М.В.: К сожалению, человек бывает жесток с теми, кто ради них душу свою выворачивает наизнанку…

Н.В.:

Я часто слышал, как многие жаловались, что не могут отстать от дурных привычек, при всем желании своем отстать от них. Я и поместил это, кое-как приспособивши к другому, и поместил это я не иначе, как увидевши на опыте, что многое из этого уже пришло в пользу некоторым людям, которых я знал. В ответ же тем, которые попрекают мне, зачем я выставил свою внутреннюю клеть, могу сказать то, что все-таки я еще не монах, а писатель. Я поступил в этом случае так, как все те писатели, которые говорили, что было на душе. Если бы и с Карамзиным случилась эта внутренняя история во время его писательства, он бы ее также выразил. Но Карамзин воспитался в юношестве. Он образовался уже как человек и гражданин, прежде чем выступил на поприще писателя. Со мной случилось иначе. Я не считал ни для кого соблазнительным открыть публично, что я стараюсь быть лучшим, чем я есмь. Я не нахожу соблазнительным томиться и сгорать явно, в виду всех, желанием совершенства, если сходил затем сам сын божий, чтобы сказать нам всем: «Будьте совершенны так, как совершенен отец ваш небесный».

М.В.: Но в этом увидели не только гордость, но и уничижение автора книги?

Н.В.:

Что же касается до обвинений, будто я из желания похвастаться смирением в книге моей показал уничижение паче гордости, то на это скажу, что ни смирения, ни уничижения здесь нет. Пришедшие к этому заключению обманулись сходством признаков. Противным действительно я казался себе самому вовсе не от смирения, но потому, что в мыслях моих, чем далее, тем яснее представлялся идеал прекрасного человека, тот благостный образ, каким должен быть на земле человек, и мне становилось всякий раз после этого противно глядеть на себя. Это не смирение, но скорее то чувство, которое бывает у завистливого человека, который, увидевши в чужих руках вещь лучшую, бросает свою и не хочет уже глядеть на нее. Притом мне посчастливилось встретить на веку своем, и особенно в последнее время, несколько таких людей, перед душевными качествами которых показались мне мелкими мои качества, и всякий раз я негодовал на себя за то, что не имею того, что имеют другие.

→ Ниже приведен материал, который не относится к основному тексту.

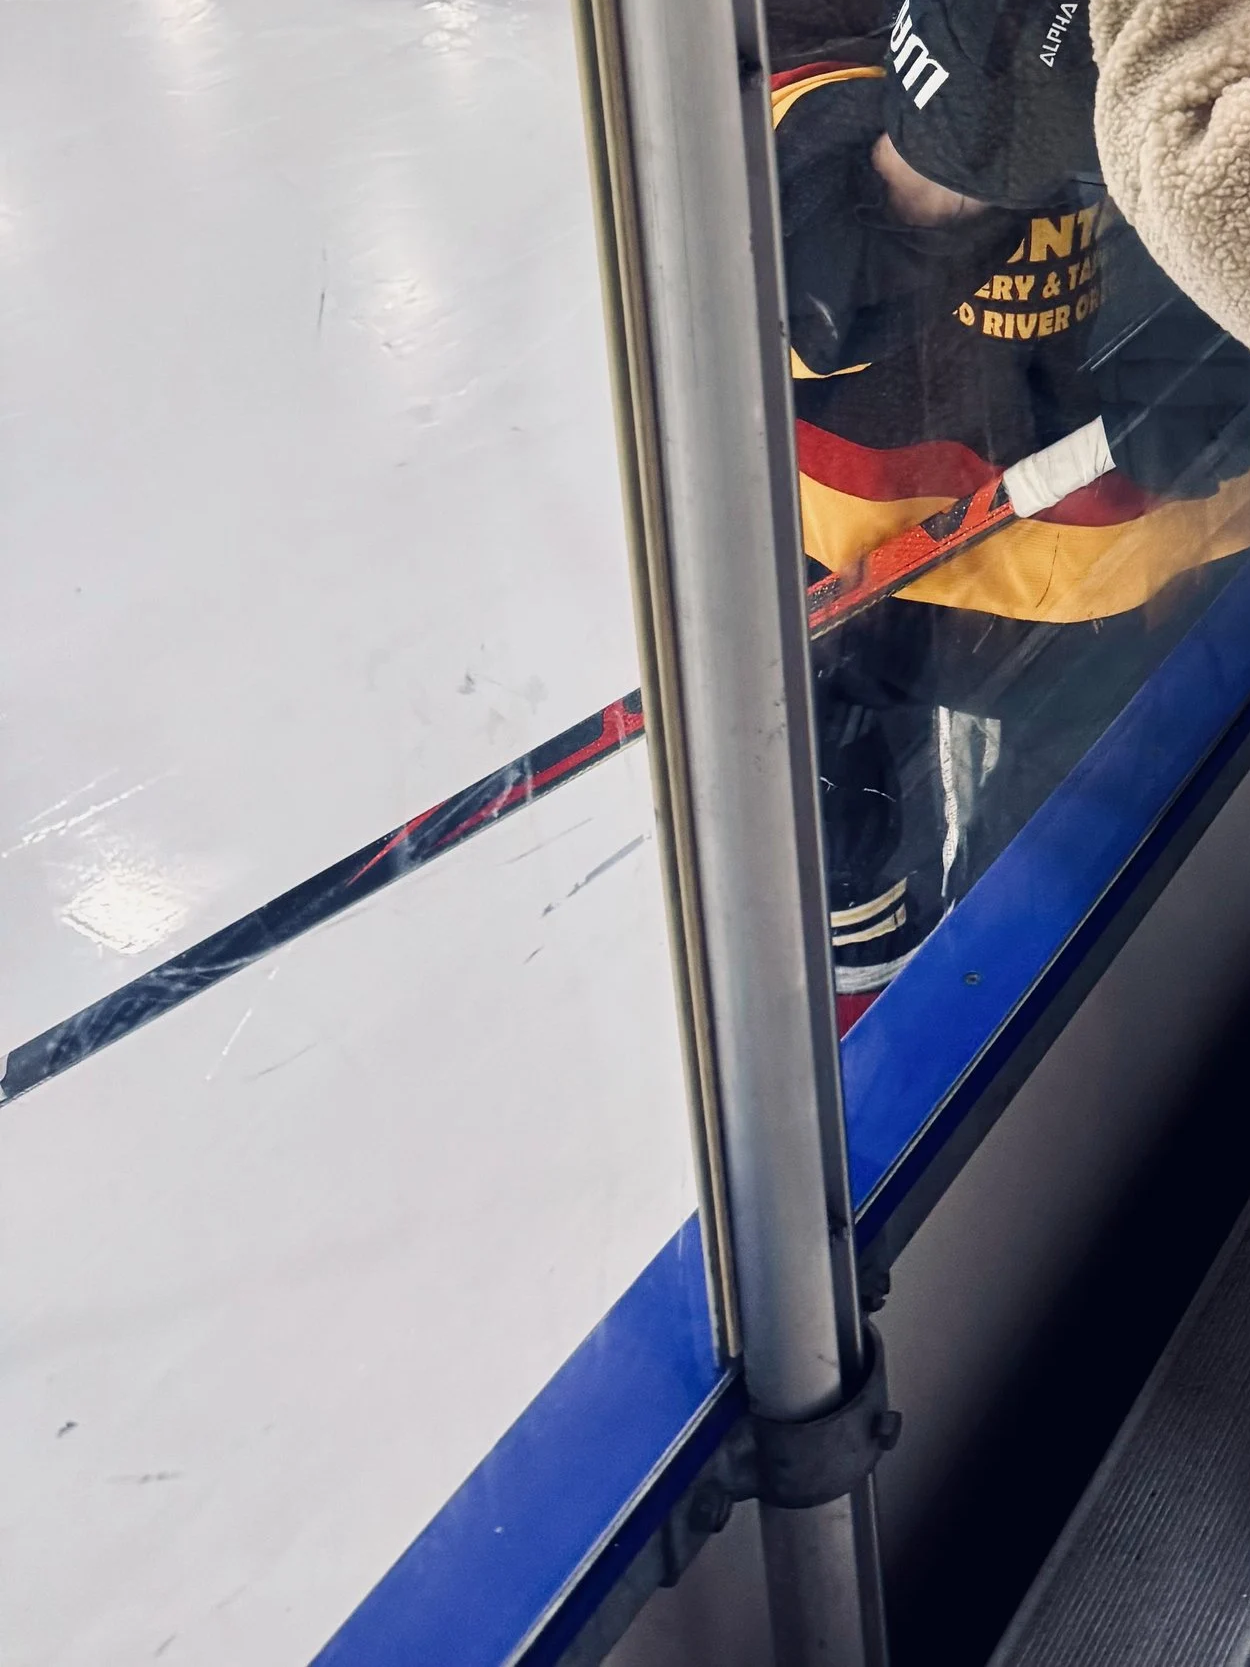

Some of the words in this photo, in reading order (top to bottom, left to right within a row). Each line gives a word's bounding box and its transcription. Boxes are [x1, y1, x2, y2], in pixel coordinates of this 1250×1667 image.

Тут нужно обвинять разве завистливую вообще натуру.

М.В.: Но вернемся к истории.

Н.В.:

Итак, на некоторое время занятием моим стал не русский человек и Россия, но человек и душа человека вообще. Все меня приводило в это время к исследованию общих законов души нашей: мои собственные душевные обстоятельства, наконец, обстоятельства внешние, над которыми мы не властны и которые всякий раз обращали меня противовольно вновь к тому же предмету, как только я от него отдалялся. Несколько раз, упрекаемый в недеятельности, я принимался за перо, хотел насильно заставить себя написать хоть что-нибудь вроде небольшой повести или какого-нибудь литературного сочинения — и не мог произвести ничего. Усилия мои оканчивались почти всегда болезнию, страданиями и, наконец, такими припадками, вследствие которых нужно было надолго отложить всякое занятие. Что мне было делать? Виноват я разве был в том, что не в силах был повторять то же, что говорил или писал в мои юношеские годы? Как будто две весны бывают в возрасте человеческом! И если всяк человек подвержен этим необходимым переменам при переходе из возраста в возраст, почему же один писатель должен быть исключением?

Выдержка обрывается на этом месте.